Data for the task →
┌──

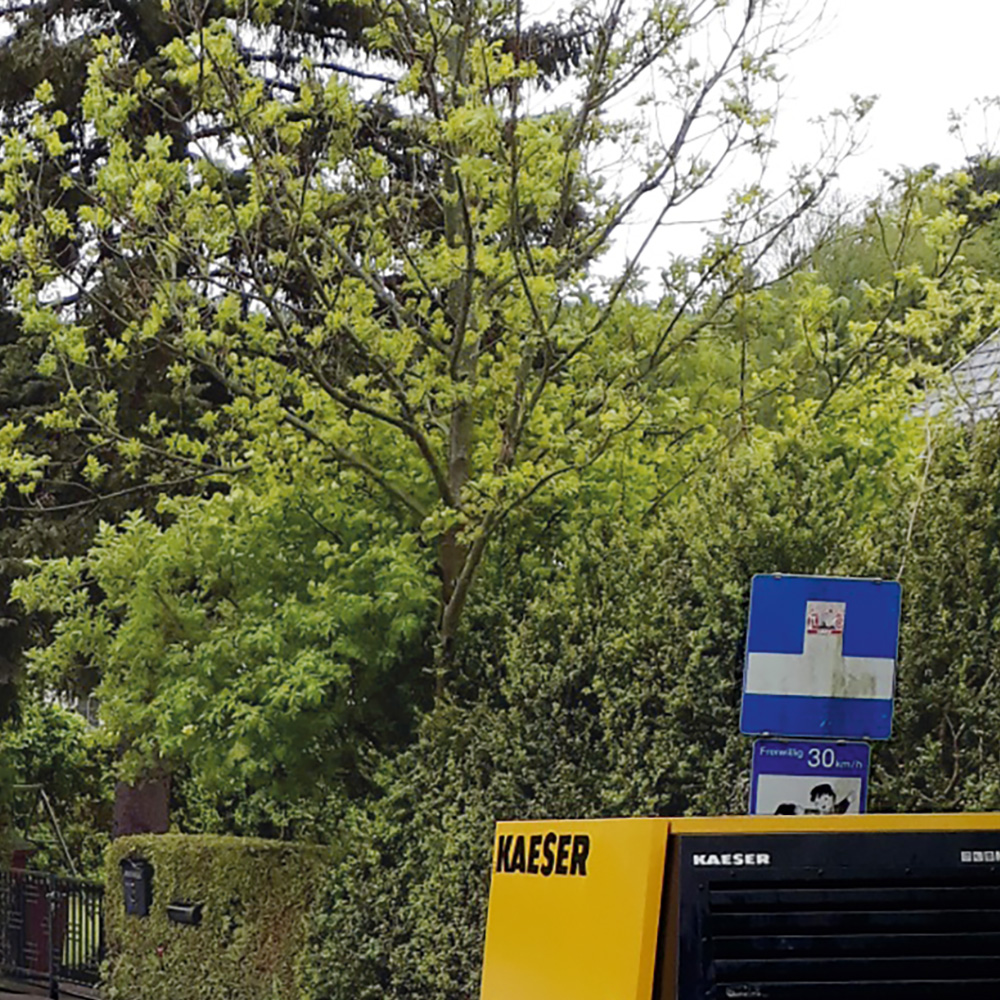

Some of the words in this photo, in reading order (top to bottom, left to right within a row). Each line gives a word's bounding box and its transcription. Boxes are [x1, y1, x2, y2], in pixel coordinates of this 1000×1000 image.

[807, 748, 834, 767] 30
[835, 760, 862, 769] km/h
[496, 832, 590, 876] KAESER
[693, 853, 770, 865] KAESER
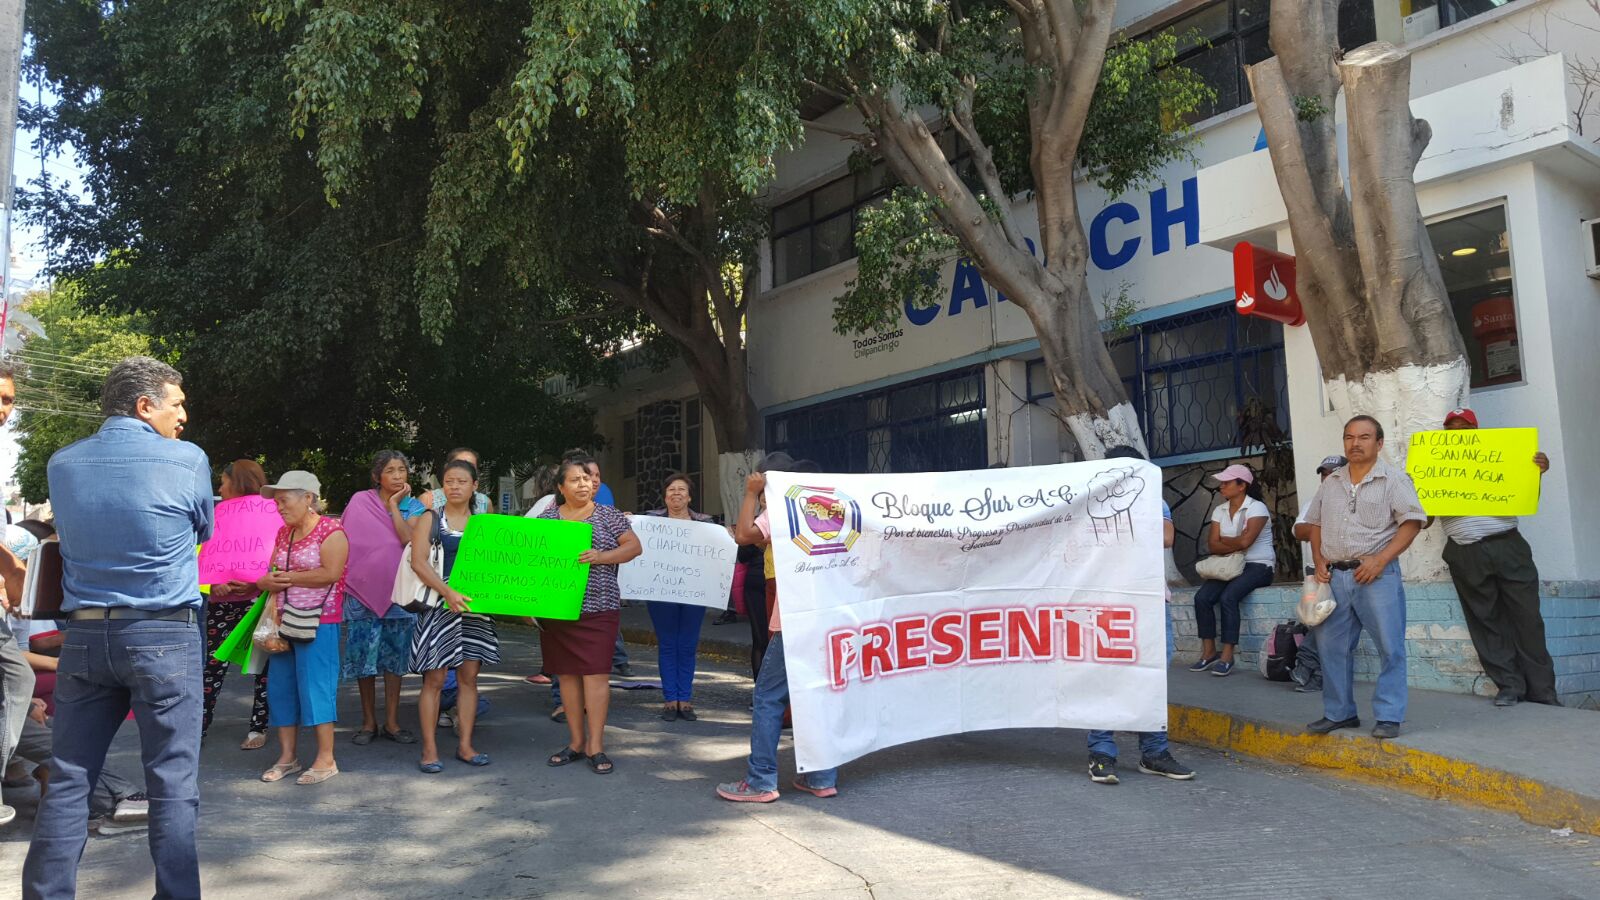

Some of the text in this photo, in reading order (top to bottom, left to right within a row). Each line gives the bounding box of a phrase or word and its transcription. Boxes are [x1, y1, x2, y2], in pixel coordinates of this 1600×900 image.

[904, 176, 1200, 327] CACH
[853, 329, 904, 350] Todos Somos
[854, 340, 900, 359] Chilpancingo
[1412, 432, 1480, 446] LA COLONIA
[1431, 448, 1504, 463] SAN ANGEL
[1413, 465, 1505, 484] SOLICITA AGUA
[1416, 487, 1478, 501] QUEREMOS
[871, 491, 954, 524] Bloque
[959, 487, 1014, 522] Sur
[640, 521, 692, 538] LOMAS DE
[883, 525, 904, 541] Por
[906, 527, 915, 538] el
[957, 525, 998, 541] Progreso
[1005, 515, 1054, 534] Prosperidad
[1054, 516, 1064, 524] de
[1064, 512, 1073, 522] la
[494, 527, 549, 550] COLONIA
[647, 536, 728, 560] CHAPULTEPEC
[959, 537, 1003, 553] Sociedad
[248, 560, 268, 571] SO
[463, 547, 581, 571] EMILIANO ZAPATA
[632, 560, 702, 578] TE PEDIMOS
[459, 570, 578, 590] NECESITAMOS AGUA
[652, 573, 686, 586] AGUA
[660, 587, 707, 599] DIRECTOR
[828, 605, 1136, 691] PRESENTE

└──

Task to carry out → Return each line above exactly; any pictures are to be skipped.

Exercise answer →
Some of the words in this photo, in reading order (top to bottom, left to right within a row). Each line gives a word's bounding box and its transcription. Boxes are [x1, y1, x2, y2], in pixel coordinates of this 1000×1000 image.

[807, 748, 834, 767] 30
[835, 760, 862, 769] km/h
[496, 832, 590, 876] KAESER
[693, 853, 770, 865] KAESER

Some of the text in this photo, in reading order (top to bottom, left to right within a row). Each line gives the bounding box of a phrase or word and its transcription. Boxes are [x1, y1, x2, y2], in pixel coordinates of this 1600×900 image.

[904, 176, 1200, 327] CACH
[853, 329, 904, 350] Todos Somos
[854, 340, 900, 359] Chilpancingo
[1412, 432, 1480, 446] LA COLONIA
[1431, 448, 1504, 463] SAN ANGEL
[1413, 465, 1505, 484] SOLICITA AGUA
[1416, 487, 1478, 501] QUEREMOS
[871, 491, 954, 524] Bloque
[959, 487, 1014, 522] Sur
[640, 521, 692, 538] LOMAS DE
[883, 525, 904, 541] Por
[906, 527, 915, 538] el
[957, 525, 998, 541] Progreso
[1005, 515, 1054, 534] Prosperidad
[1054, 516, 1064, 524] de
[1064, 512, 1073, 522] la
[494, 527, 549, 550] COLONIA
[647, 536, 728, 560] CHAPULTEPEC
[959, 537, 1003, 553] Sociedad
[248, 560, 268, 571] SO
[463, 547, 581, 571] EMILIANO ZAPATA
[632, 560, 702, 578] TE PEDIMOS
[459, 570, 578, 590] NECESITAMOS AGUA
[652, 573, 686, 586] AGUA
[660, 587, 707, 599] DIRECTOR
[828, 605, 1136, 691] PRESENTE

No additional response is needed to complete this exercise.